ABOUT THIS TASK:
Repeat the data exactly. Pictures are not part of the copy.
(DATA TO PROCESS begins)
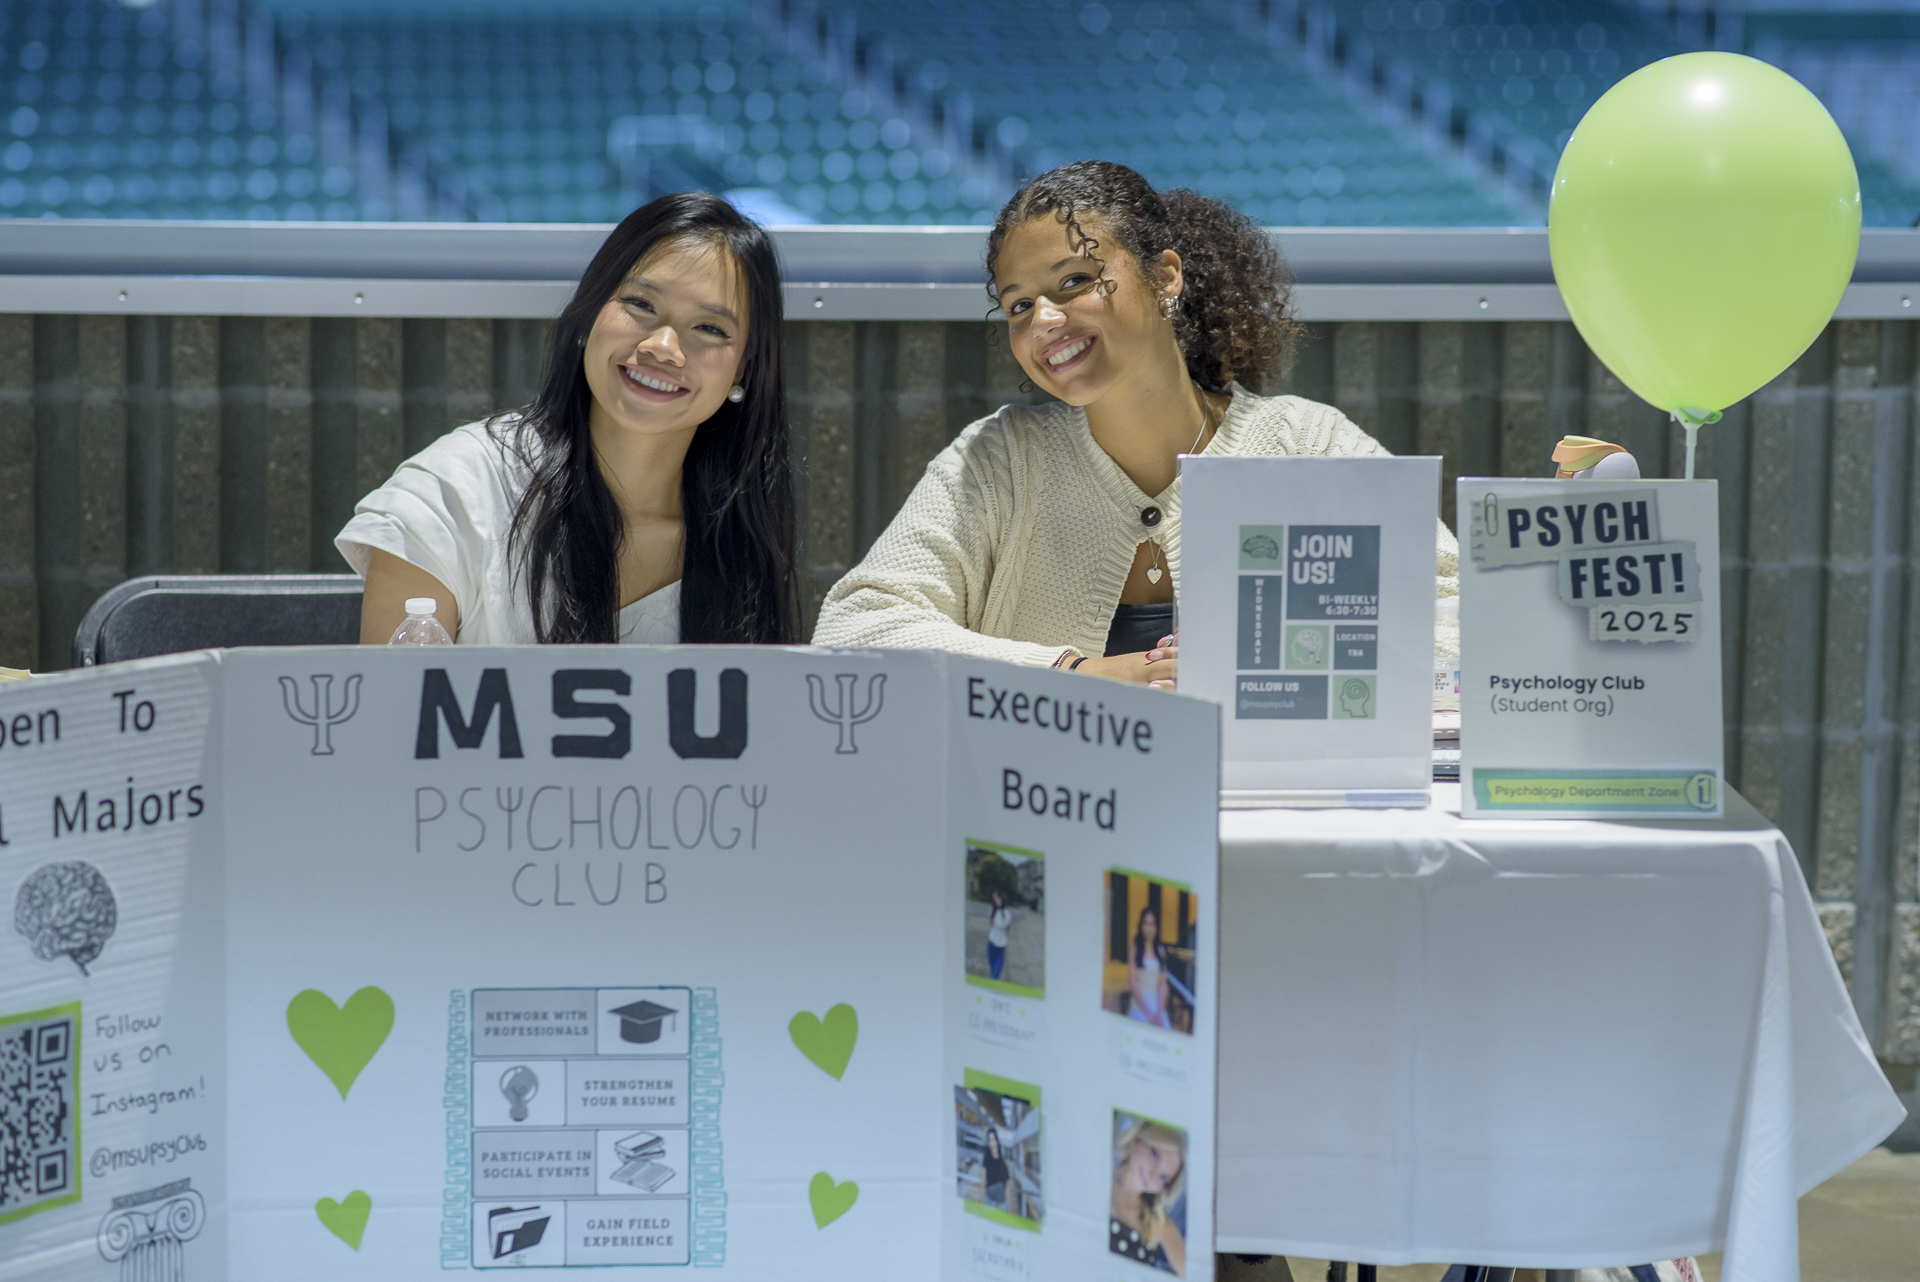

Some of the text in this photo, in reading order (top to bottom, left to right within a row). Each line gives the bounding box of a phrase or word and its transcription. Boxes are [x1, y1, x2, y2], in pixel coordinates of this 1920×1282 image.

[1507, 500, 1649, 548] PSYCH
[1292, 534, 1353, 559] JOIN
[1292, 561, 1336, 584] US!
[1569, 552, 1685, 599] FEST!
[1318, 595, 1377, 605] BI-WEEKLY
[1325, 605, 1377, 616] 6:30-7:30
[1253, 578, 1265, 664] WEDNESDAYS
[1600, 610, 1693, 634] 2025
[1336, 633, 1376, 642] LOCATION
[1347, 649, 1364, 657] TBA
[1240, 682, 1299, 692] FOLLOW US
[1490, 675, 1645, 694] Psychology Club
[112, 689, 155, 732] To
[413, 667, 748, 760] MSU
[967, 676, 1153, 753] Executive
[1491, 694, 1614, 717] (Student Org)
[1002, 767, 1116, 833] Board
[1495, 785, 1680, 798] Psychology Department Zone
[53, 776, 204, 838] Majors
[415, 784, 768, 853] PSYCHOLOGY
[511, 862, 669, 907] CLUB
[95, 1014, 161, 1038] Follow
[485, 1010, 588, 1022] NETWORK WITH
[484, 1025, 589, 1038] PROFESSIONALS
[138, 1043, 172, 1063] on
[90, 1075, 205, 1116] Instagram!
[584, 1079, 674, 1091] STRENGTHEN
[581, 1095, 677, 1107] YOUR RESUME
[481, 1150, 592, 1162] PARTICIPATE IN
[482, 1166, 590, 1179] SOCIAL EVENTS
[586, 1218, 670, 1230] GAIN FIELD
[583, 1235, 674, 1248] EXPERIENCE
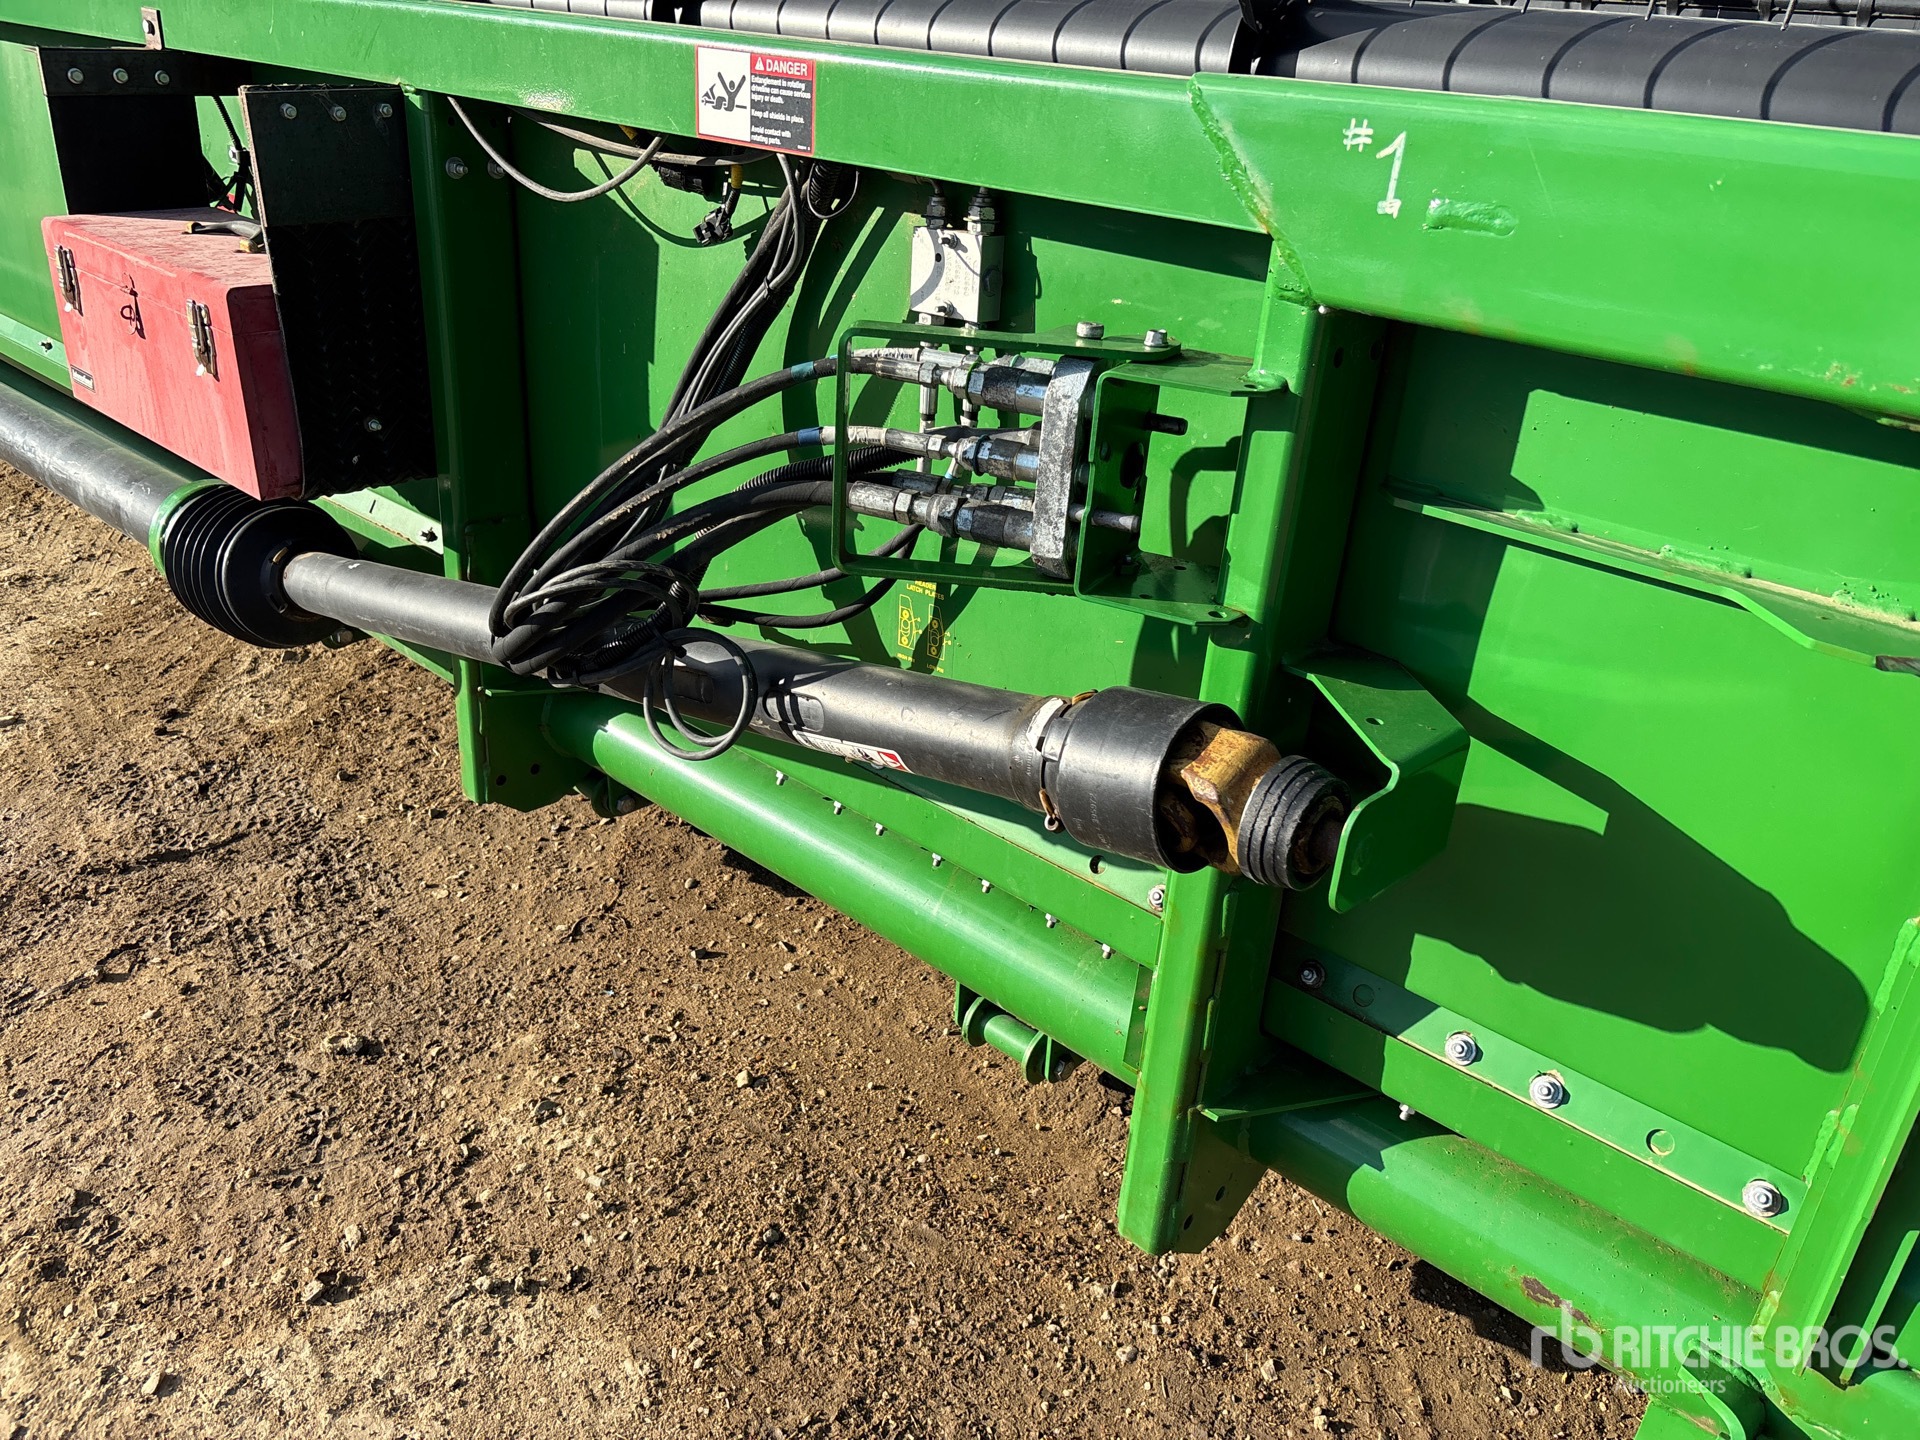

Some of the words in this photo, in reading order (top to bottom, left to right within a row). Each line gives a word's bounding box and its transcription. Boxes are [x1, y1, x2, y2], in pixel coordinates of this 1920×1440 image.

[766, 59, 808, 76] DANGER
[751, 75, 781, 86] Entanglement
[787, 80, 806, 91] rotating
[780, 88, 793, 96] cause
[794, 89, 811, 99] serious
[751, 109, 763, 119] Keep
[769, 111, 785, 121] shields
[751, 125, 764, 134] Avoid
[764, 128, 781, 137] contact
[751, 134, 768, 144] rotating
[1343, 118, 1407, 219] #1
[906, 583, 923, 594] LATCH
[924, 589, 945, 601] PLATES
(DATA TO PROCESS ends)
SOLUTION TO THE PROBLEM:
Some of the text in this photo, in reading order (top to bottom, left to right within a row). Each line gives the bounding box of a phrase or word and its transcription. Boxes are [x1, y1, x2, y2], in pixel coordinates of this 1920×1282 image.

[1507, 500, 1649, 548] PSYCH
[1292, 534, 1353, 559] JOIN
[1292, 561, 1336, 584] US!
[1569, 552, 1685, 599] FEST!
[1318, 595, 1377, 605] BI-WEEKLY
[1325, 605, 1377, 616] 6:30-7:30
[1253, 578, 1265, 664] WEDNESDAYS
[1600, 610, 1693, 634] 2025
[1336, 633, 1376, 642] LOCATION
[1347, 649, 1364, 657] TBA
[1240, 682, 1299, 692] FOLLOW US
[1490, 675, 1645, 694] Psychology Club
[112, 689, 155, 732] To
[413, 667, 748, 760] MSU
[967, 676, 1153, 753] Executive
[1491, 694, 1614, 717] (Student Org)
[1002, 767, 1116, 833] Board
[1495, 785, 1680, 798] Psychology Department Zone
[53, 776, 204, 838] Majors
[415, 784, 768, 853] PSYCHOLOGY
[511, 862, 669, 907] CLUB
[95, 1014, 161, 1038] Follow
[485, 1010, 588, 1022] NETWORK WITH
[484, 1025, 589, 1038] PROFESSIONALS
[138, 1043, 172, 1063] on
[90, 1075, 205, 1116] Instagram!
[584, 1079, 674, 1091] STRENGTHEN
[581, 1095, 677, 1107] YOUR RESUME
[481, 1150, 592, 1162] PARTICIPATE IN
[482, 1166, 590, 1179] SOCIAL EVENTS
[586, 1218, 670, 1230] GAIN FIELD
[583, 1235, 674, 1248] EXPERIENCE

Some of the words in this photo, in reading order (top to bottom, left to right within a row). Each line gives a word's bounding box and its transcription. Boxes are [x1, y1, x2, y2], in pixel coordinates of this 1920×1440 image.

[766, 59, 808, 76] DANGER
[751, 75, 781, 86] Entanglement
[787, 80, 806, 91] rotating
[780, 88, 793, 96] cause
[794, 89, 811, 99] serious
[751, 109, 763, 119] Keep
[769, 111, 785, 121] shields
[751, 125, 764, 134] Avoid
[764, 128, 781, 137] contact
[751, 134, 768, 144] rotating
[1343, 118, 1407, 219] #1
[906, 583, 923, 594] LATCH
[924, 589, 945, 601] PLATES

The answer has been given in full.